■ AIM OF THE EXERCISE
Set the data below down again, exactly, with every picture left out.

--- EXCERPTED RECORDS Enclosed Below ---

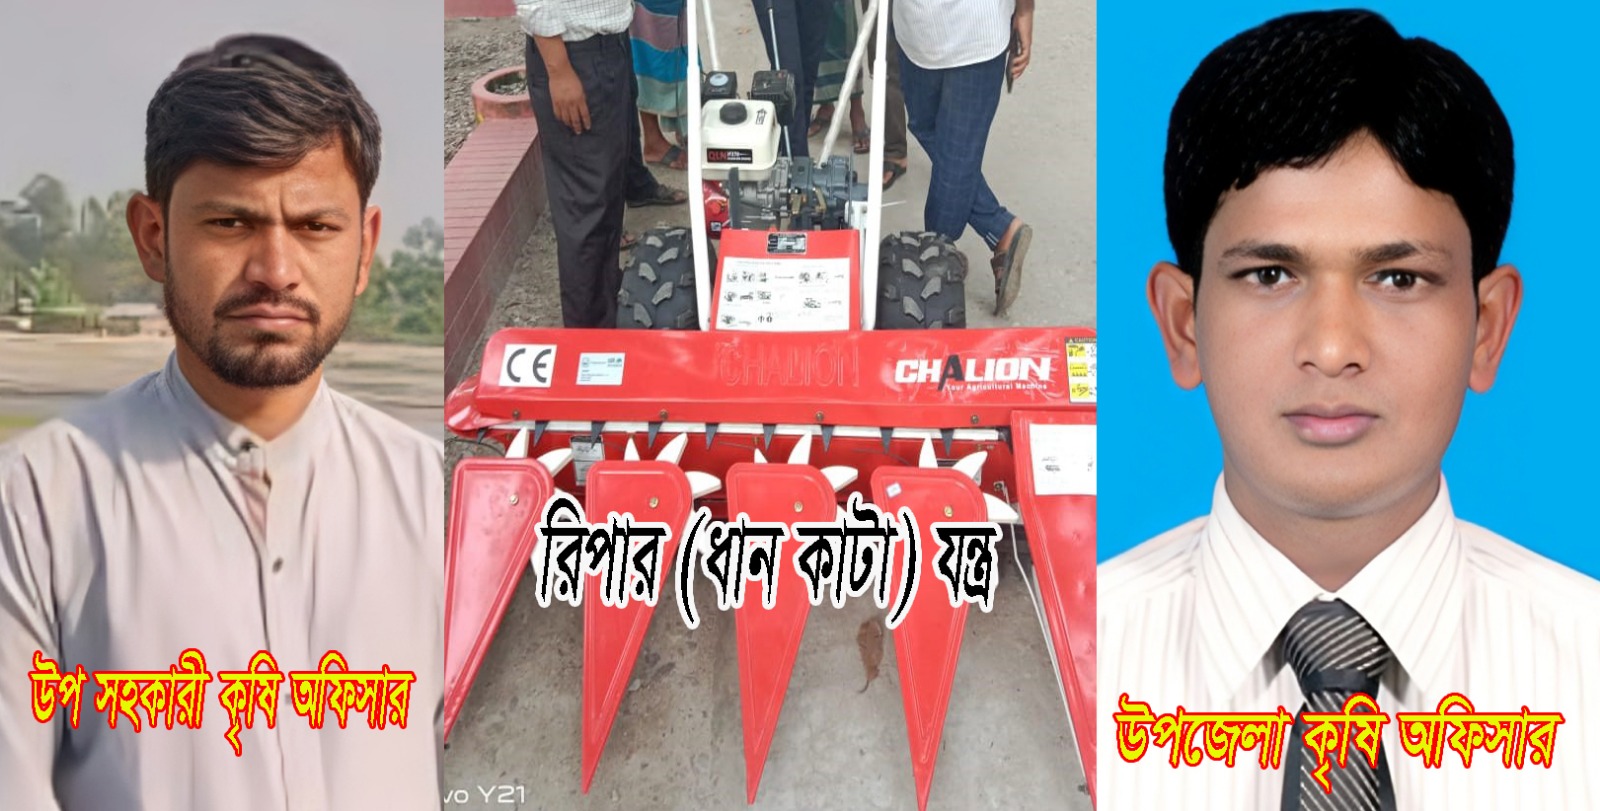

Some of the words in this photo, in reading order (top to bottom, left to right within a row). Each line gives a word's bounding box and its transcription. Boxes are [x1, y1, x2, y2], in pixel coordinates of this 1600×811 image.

[506, 348, 552, 382] CE
[895, 354, 1051, 391] CHALION
[966, 383, 1013, 392] Agricultural
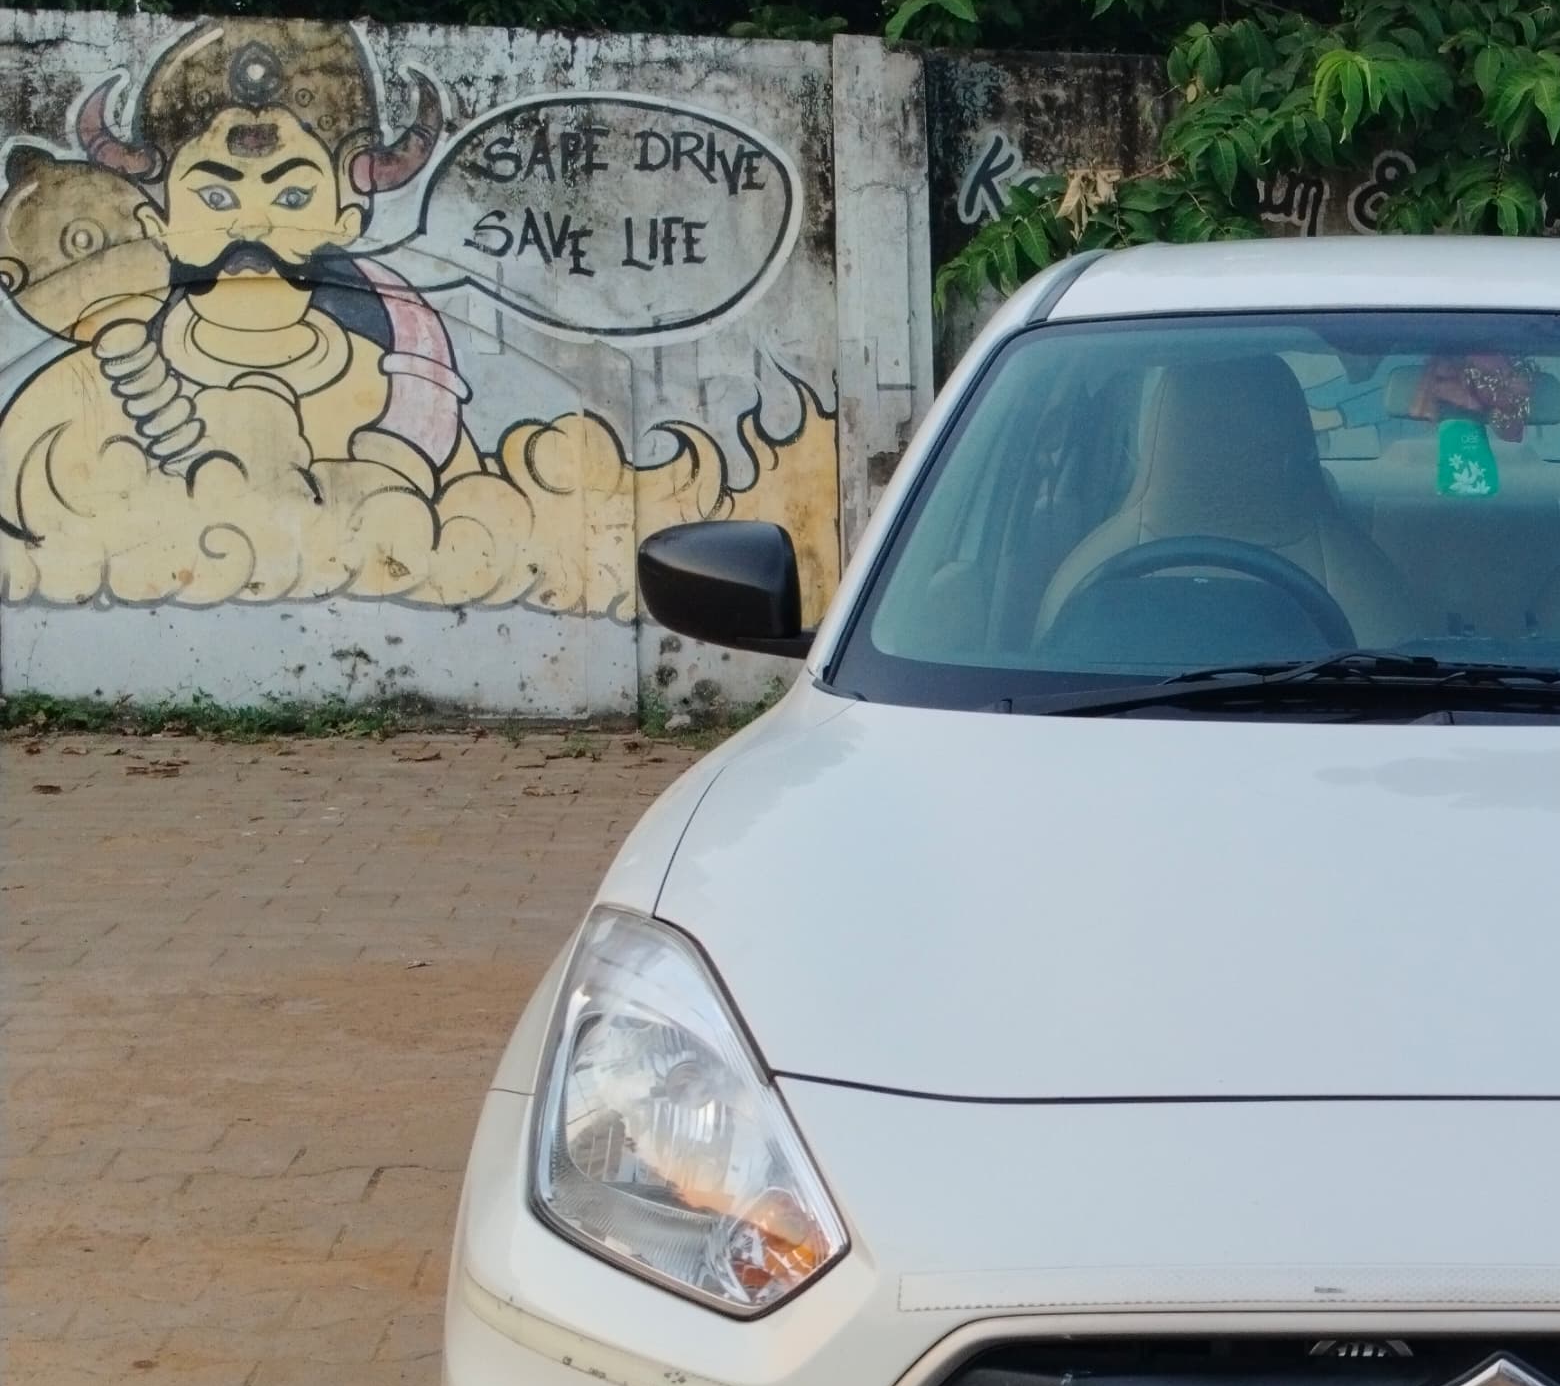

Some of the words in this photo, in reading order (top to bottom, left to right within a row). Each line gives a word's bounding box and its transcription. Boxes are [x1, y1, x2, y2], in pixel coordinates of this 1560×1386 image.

[634, 128, 766, 196] DRIVE
[463, 208, 596, 277] SAVE
[621, 216, 708, 271] LIFE

--- End of Enclosed EXCERPTED RECORDS ---

■ TASK RESPONSE
Some of the words in this photo, in reading order (top to bottom, left to right within a row). Each line gives a word's bounding box and its transcription. Boxes are [x1, y1, x2, y2], in pixel coordinates of this 1600×811 image.

[506, 348, 552, 382] CE
[895, 354, 1051, 391] CHALION
[966, 383, 1013, 392] Agricultural

Some of the words in this photo, in reading order (top to bottom, left to right within a row). Each line gives a word's bounding box and its transcription. Boxes are [x1, y1, x2, y2], in pixel coordinates of this 1560×1386 image.

[634, 128, 766, 196] DRIVE
[463, 208, 596, 277] SAVE
[621, 216, 708, 271] LIFE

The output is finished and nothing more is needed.